═════ Given data ═════

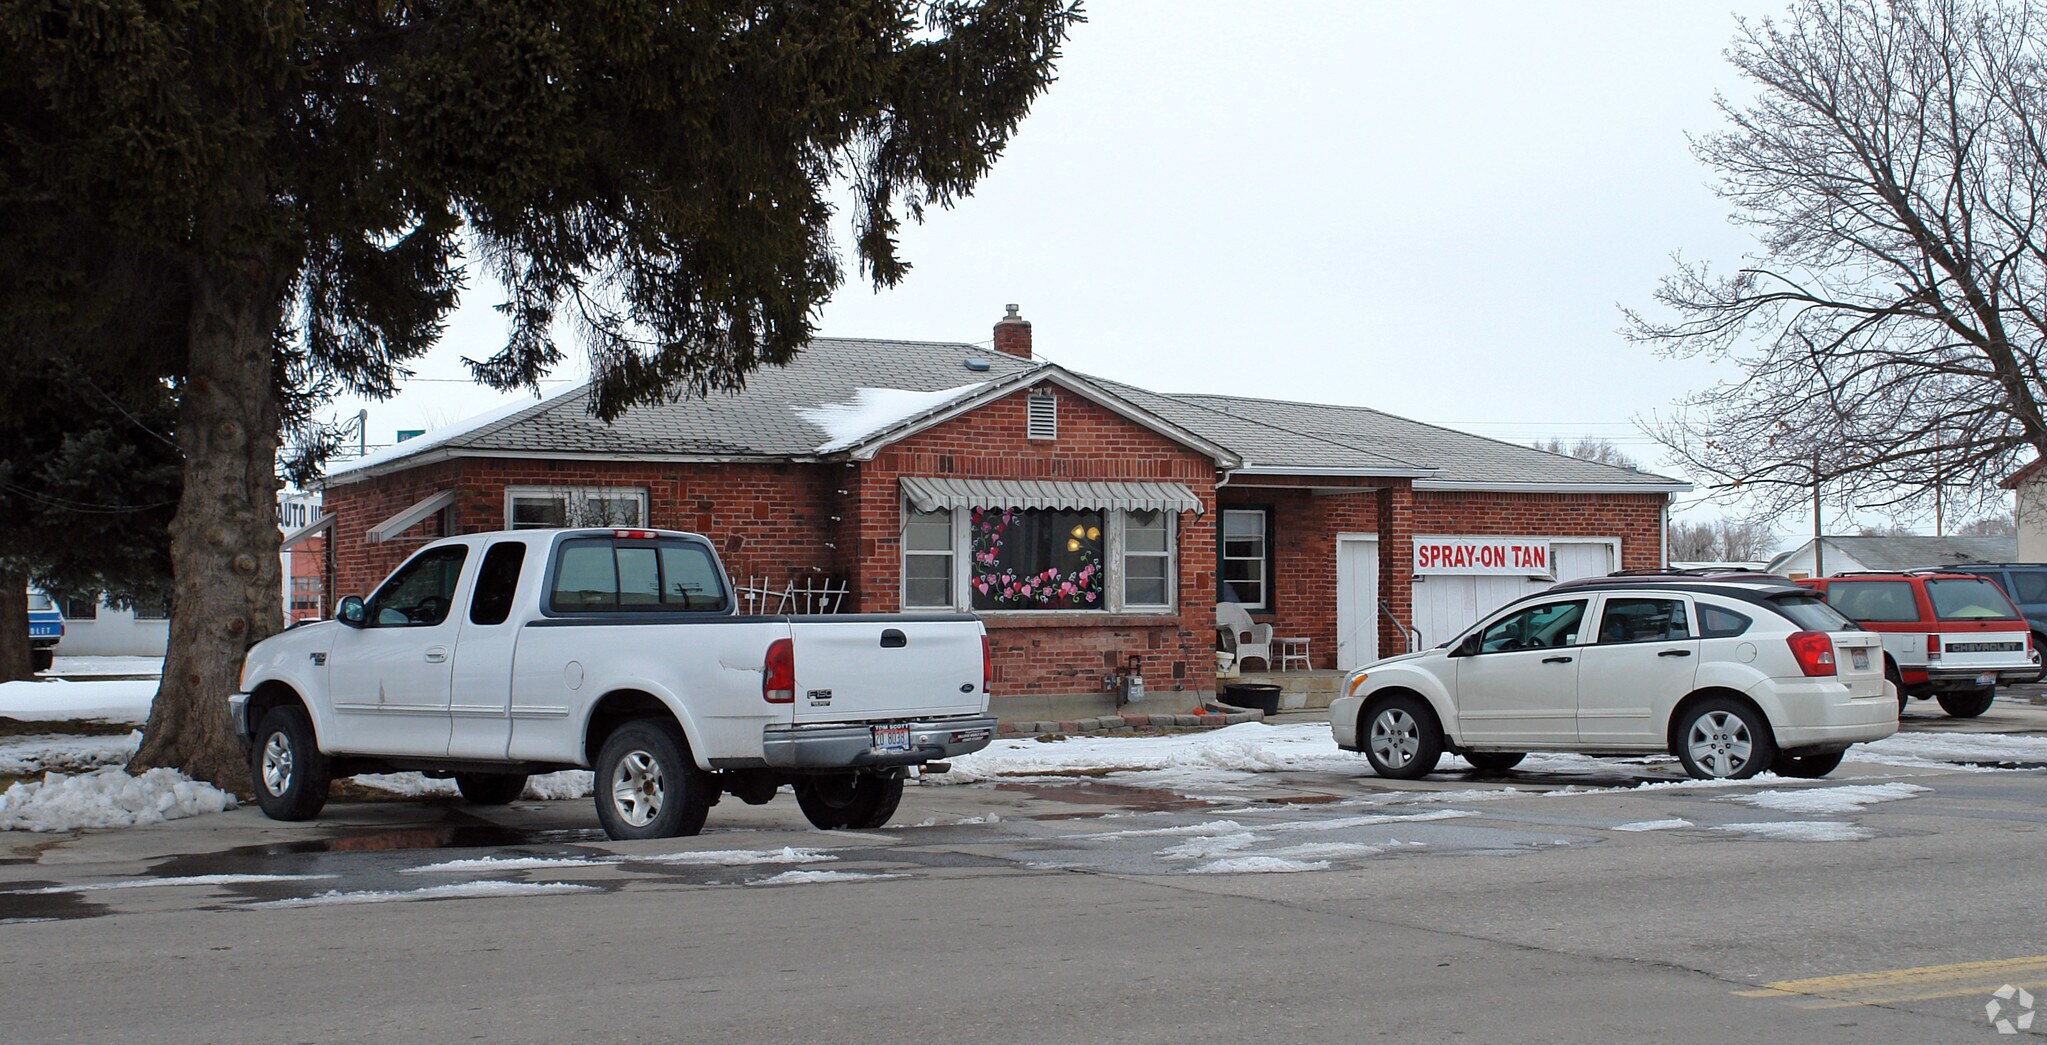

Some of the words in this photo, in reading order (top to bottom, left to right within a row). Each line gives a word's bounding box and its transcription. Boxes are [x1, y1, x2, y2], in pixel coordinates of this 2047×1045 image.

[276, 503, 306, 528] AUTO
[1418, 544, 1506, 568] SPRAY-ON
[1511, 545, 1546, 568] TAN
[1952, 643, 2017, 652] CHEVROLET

═════
═════ Given data ═════

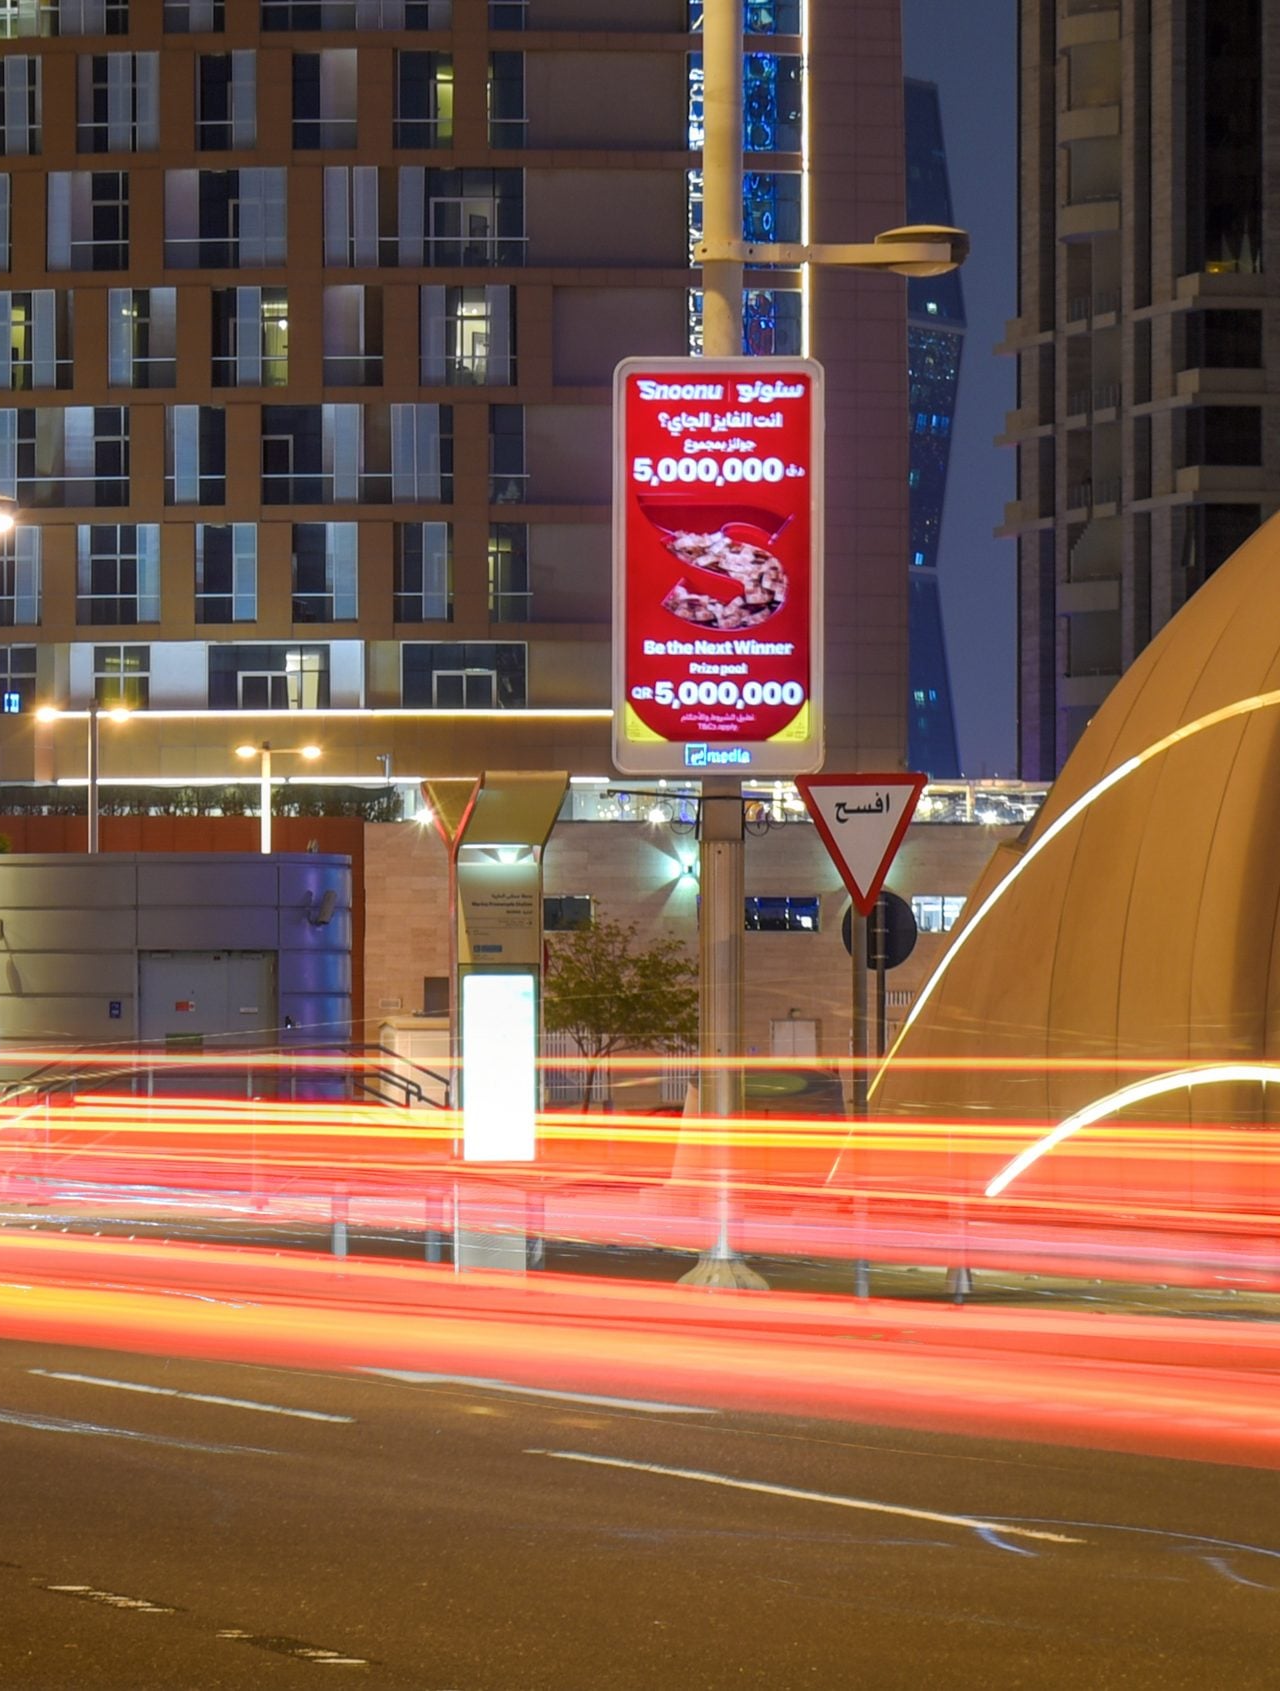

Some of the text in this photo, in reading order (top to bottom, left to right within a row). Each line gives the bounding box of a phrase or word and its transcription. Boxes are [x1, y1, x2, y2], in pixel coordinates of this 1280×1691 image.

═════
═════ Given data ═════

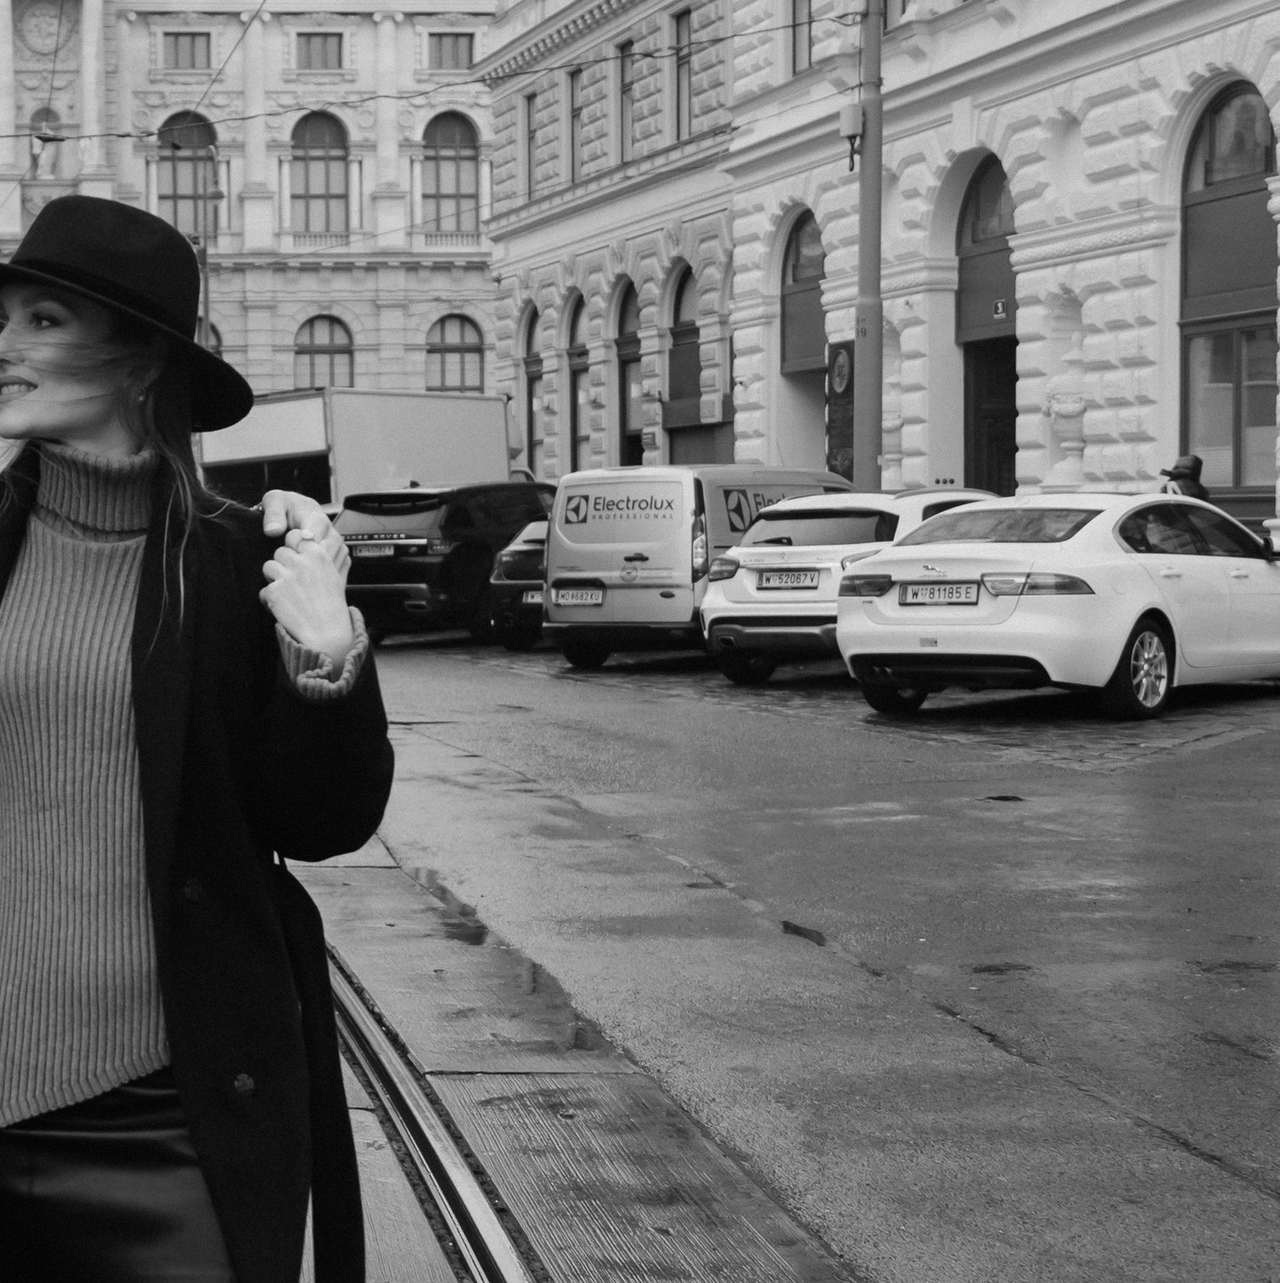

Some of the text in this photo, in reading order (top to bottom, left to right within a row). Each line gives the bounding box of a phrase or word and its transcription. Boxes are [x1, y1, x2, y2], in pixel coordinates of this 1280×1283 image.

═════

_To do_
Take the entries above and copy out all lines with the string "phrase".

_Expected output_
Some of the text in this photo, in reading order (top to bottom, left to right within a row). Each line gives the bounding box of a phrase or word and its transcription. Boxes are [x1, y1, x2, y2], in pixel coordinates of this 1280×1691 image.
Some of the text in this photo, in reading order (top to bottom, left to right within a row). Each line gives the bounding box of a phrase or word and its transcription. Boxes are [x1, y1, x2, y2], in pixel coordinates of this 1280×1283 image.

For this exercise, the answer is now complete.